Peanut, Sunflower, and Rapeseed Byproducts

Peanut Skins

This is a byproduct of peanut processing for human consumption. It includes skins, broken nuts, and rejected nuts. They are high in fat and may contain additional salt and oil added in the processing. They are fairly high in tannins which act in the gut to bind proteins and make some of the protein unavailable for digestion and absorption. Limit to 5-8% of the total ration dry matter.

Sunflower Meal

Sunflower meal is a byproduct of the sunflower seed processing for oil extraction. Varying amounts of hull can be found in the meal varying the amounts of protein and fiber. The most common contains some hulls and 34% crude protein. There are also a 28% and a 40% crude protein sunflower meals available. The total digestible nutrient (TDN) content of the most readily available 34% protein sunflower meal is lower than soybean meal because of its higher hull or fiber content. The fiber in sunflower meal is low in digestibility and may be a disadvantage when balancing rations for high milk production or for calves.

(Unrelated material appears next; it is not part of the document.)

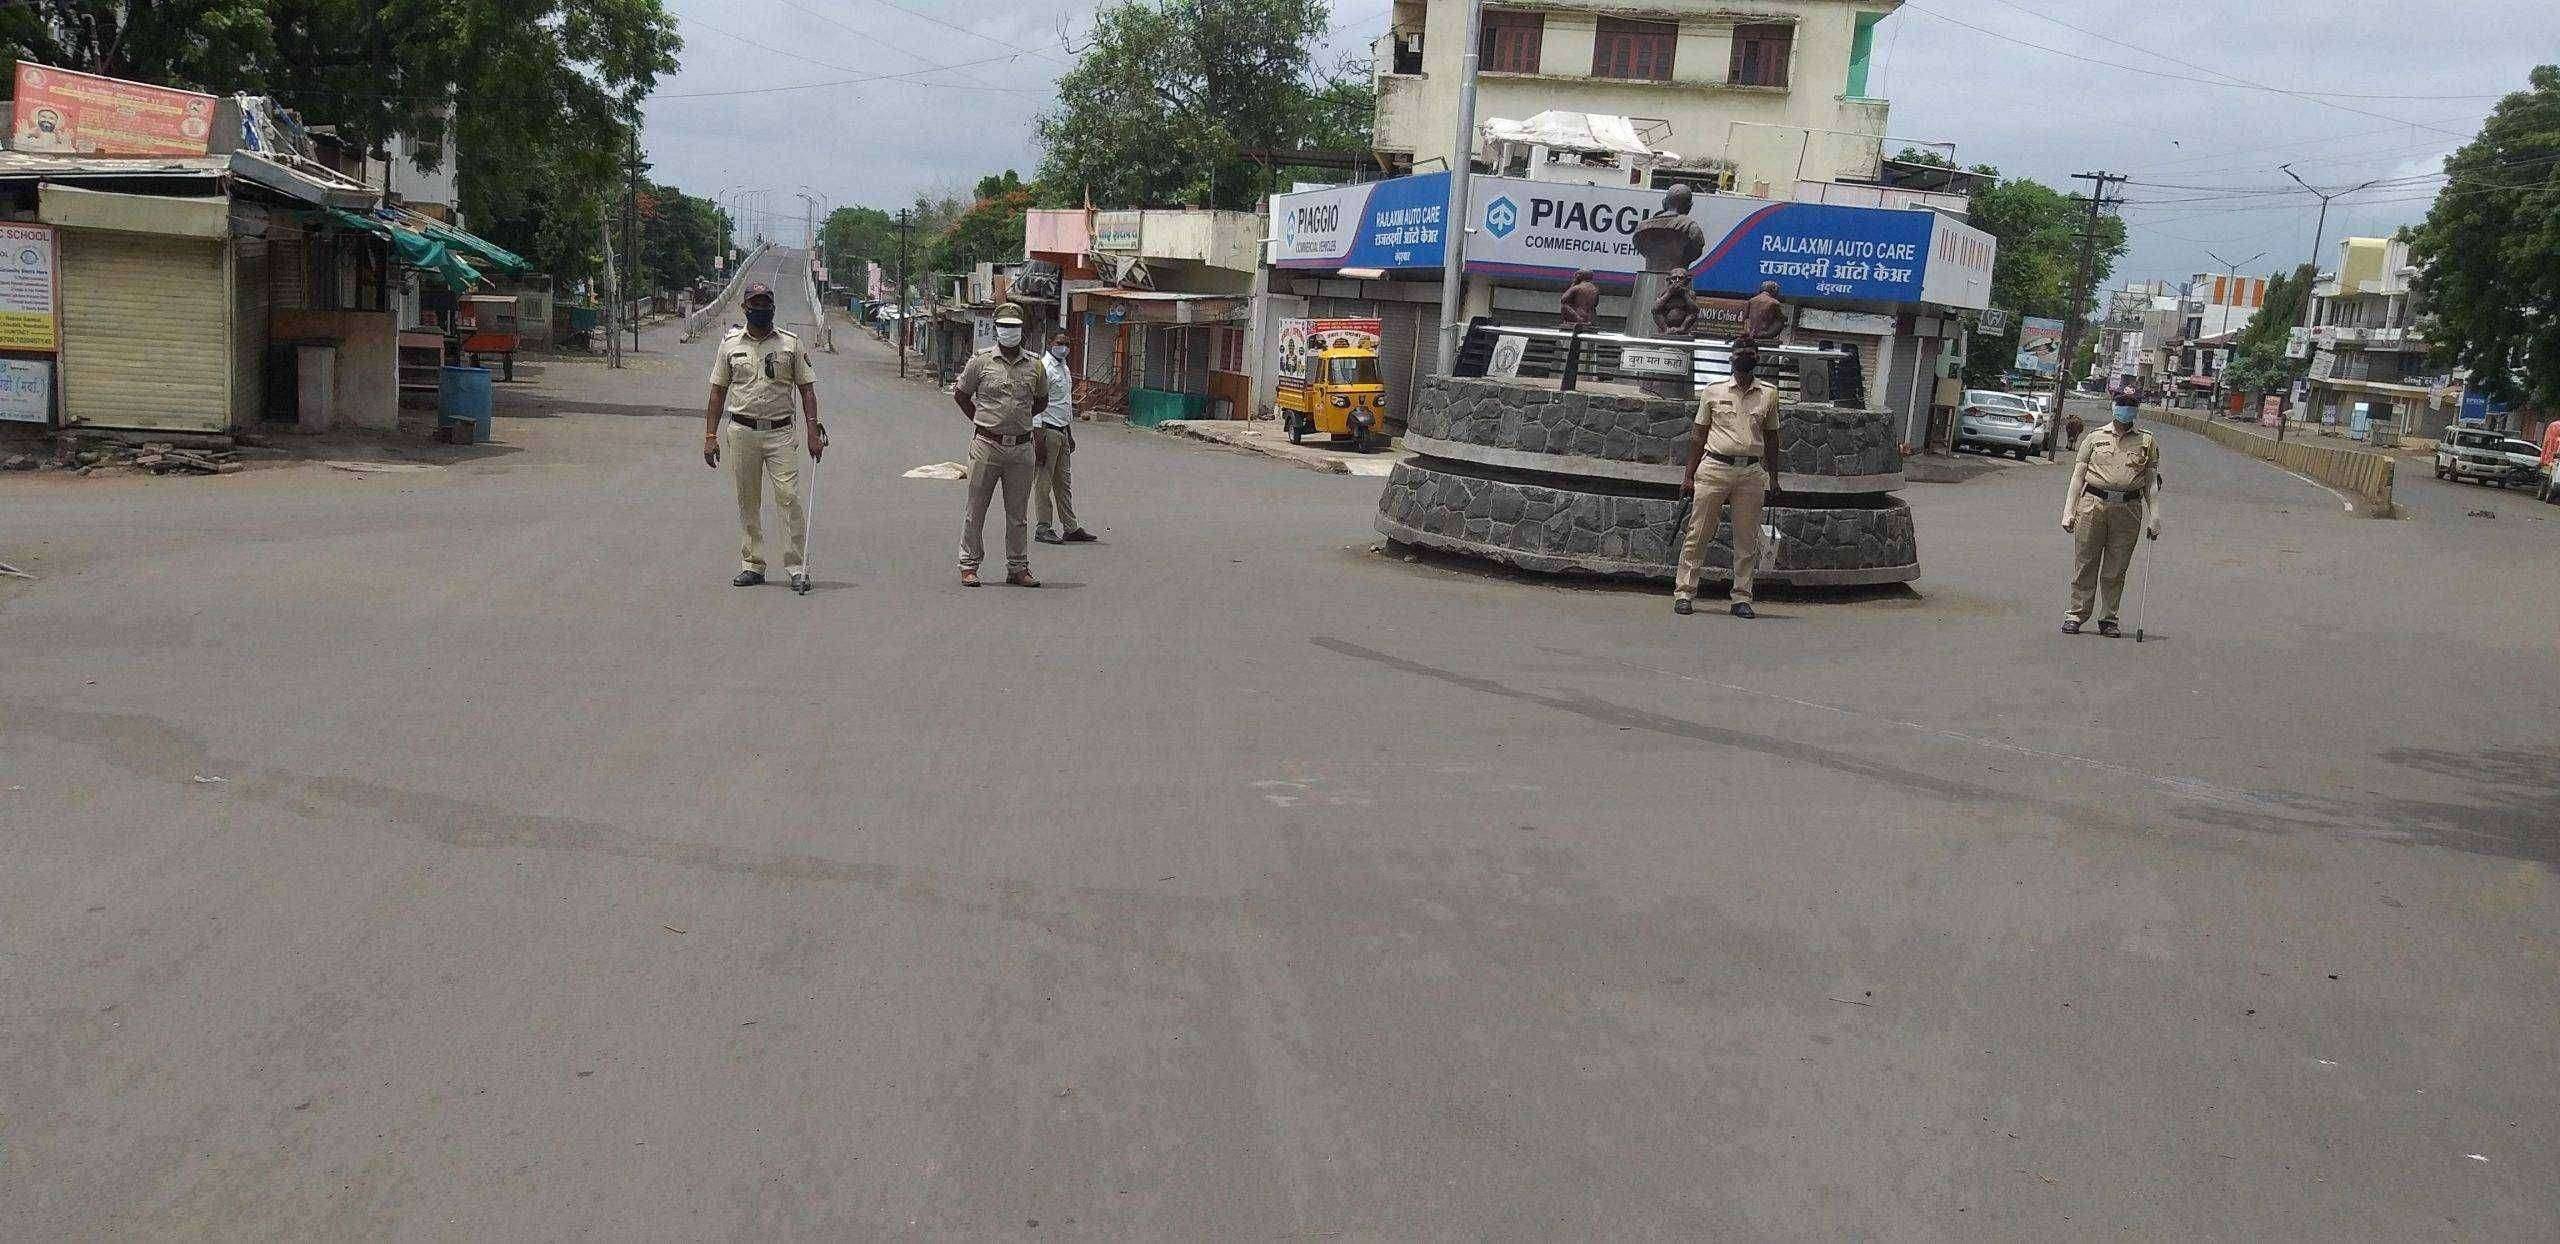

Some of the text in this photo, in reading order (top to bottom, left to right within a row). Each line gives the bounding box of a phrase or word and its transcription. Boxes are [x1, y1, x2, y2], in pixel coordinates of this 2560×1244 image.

Sunflower meal is less palatable than soybean meal. This may be more of concern at high levels of feeding. A rule of thumb is to have no more than 20 to 25% of the grain ration as sunflower meal (15% for the 28% sunflower meal). Additionally, sunflower meal has a less desirable amino acid profile than soybean meal. The most limiting amino acid in sunflower meal is lysine.

Rapeseed (Canola) Meal

Canola meal is a byproduct of canola processing for oil for human consumption. Canola meal is a good protein supplement for livestock. The nutritive value of canola meal compares favorably to soybean meal, being just slightly lower in protein and energy but higher in fiber. It is also a good source of minerals.

Rapeseed meal contains glucosinolates which are goitrogenic glycosides toxic to animals. Rumen fermentation breaks down glucosinolates into other toxic compounds. The new canola varieties are very low in glucosinolates with the resulting meal not representing a real concern when feeding cattle.